- Opening Delimiter -

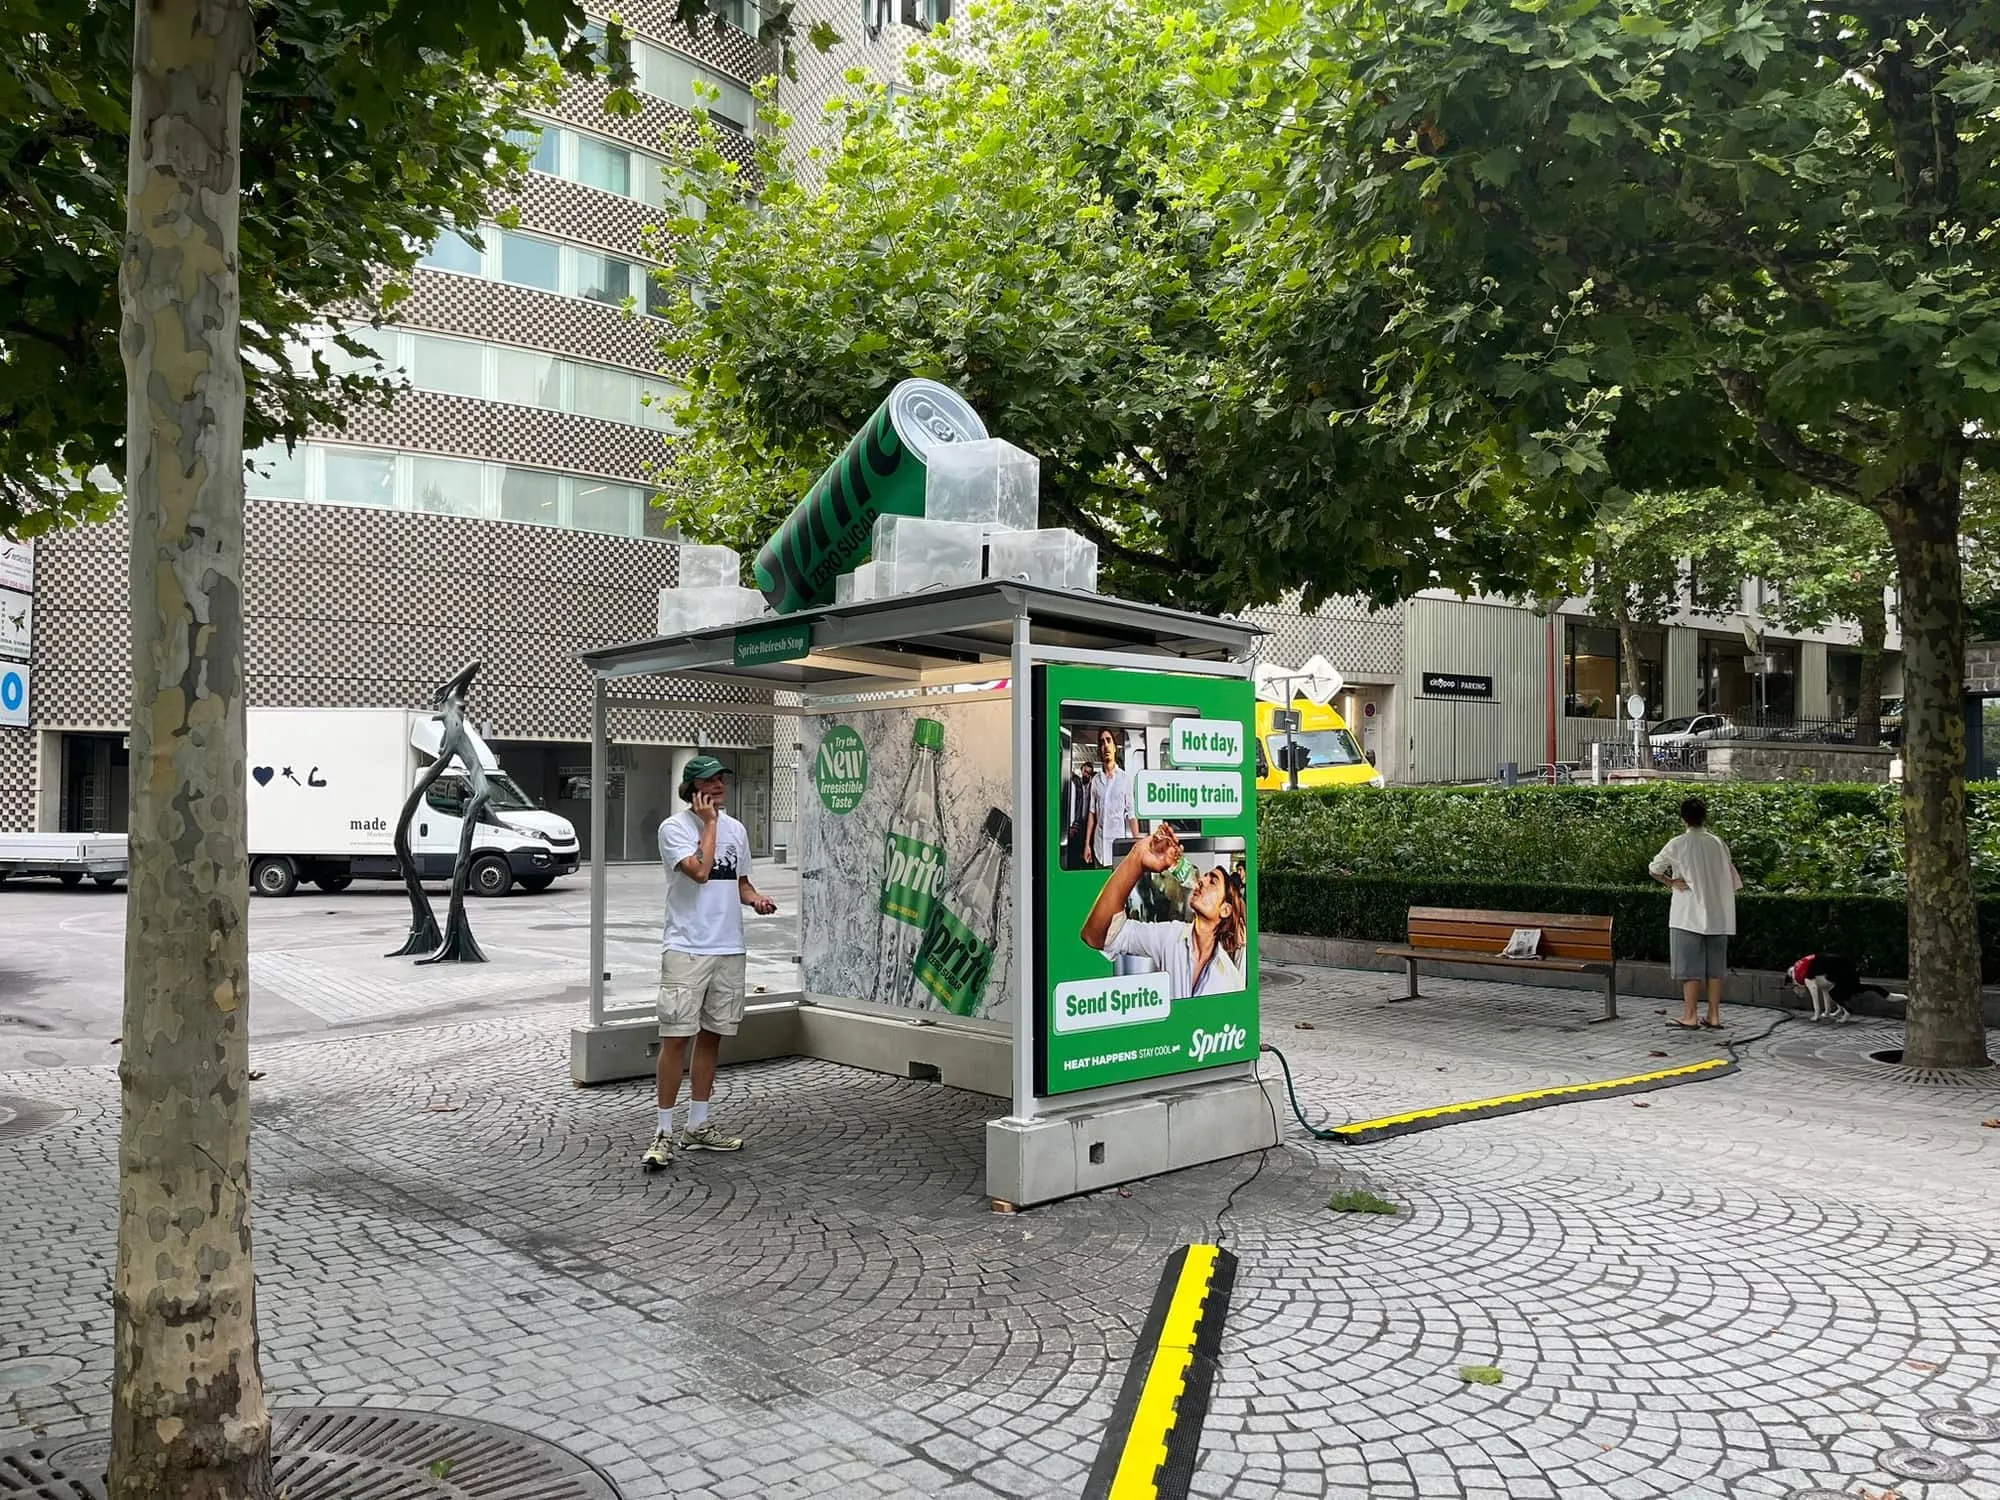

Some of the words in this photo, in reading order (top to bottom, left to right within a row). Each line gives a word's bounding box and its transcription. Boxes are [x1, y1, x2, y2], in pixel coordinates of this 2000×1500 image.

[810, 550, 842, 590] ZERO
[737, 644, 759, 659] Sprite
[760, 639, 786, 653] Refresh
[787, 637, 804, 650] Stop
[835, 737, 846, 749] Try
[846, 736, 857, 747] the
[1182, 730, 1207, 751] Hot
[1210, 732, 1238, 757] day.
[820, 743, 863, 779] New
[820, 781, 863, 794] Irresistible
[1147, 782, 1198, 808] Boiling
[1201, 784, 1238, 804] train.
[831, 796, 853, 808] Taste
[350, 817, 386, 830] made
[883, 838, 944, 898] Sprite
[1066, 991, 1107, 1017] Send
[1110, 987, 1163, 1015] Sprite.
[1188, 1023, 1247, 1063] Sprite
[1063, 1057, 1091, 1071] HEAT
[1091, 1050, 1138, 1067] HAPPENS
[1139, 1049, 1154, 1059] STAY
[1154, 1045, 1172, 1057] COOL

- Closing Delimiter -

▶ **WORK TO BE COMPLETED**
Would you output the listing above verbatim, without its pictures?

▶ **RESPONSE TO THE EXERCISE**
Some of the words in this photo, in reading order (top to bottom, left to right within a row). Each line gives a word's bounding box and its transcription. Boxes are [x1, y1, x2, y2], in pixel coordinates of this 2000×1500 image.

[810, 550, 842, 590] ZERO
[737, 644, 759, 659] Sprite
[760, 639, 786, 653] Refresh
[787, 637, 804, 650] Stop
[835, 737, 846, 749] Try
[846, 736, 857, 747] the
[1182, 730, 1207, 751] Hot
[1210, 732, 1238, 757] day.
[820, 743, 863, 779] New
[820, 781, 863, 794] Irresistible
[1147, 782, 1198, 808] Boiling
[1201, 784, 1238, 804] train.
[831, 796, 853, 808] Taste
[350, 817, 386, 830] made
[883, 838, 944, 898] Sprite
[1066, 991, 1107, 1017] Send
[1110, 987, 1163, 1015] Sprite.
[1188, 1023, 1247, 1063] Sprite
[1063, 1057, 1091, 1071] HEAT
[1091, 1050, 1138, 1067] HAPPENS
[1139, 1049, 1154, 1059] STAY
[1154, 1045, 1172, 1057] COOL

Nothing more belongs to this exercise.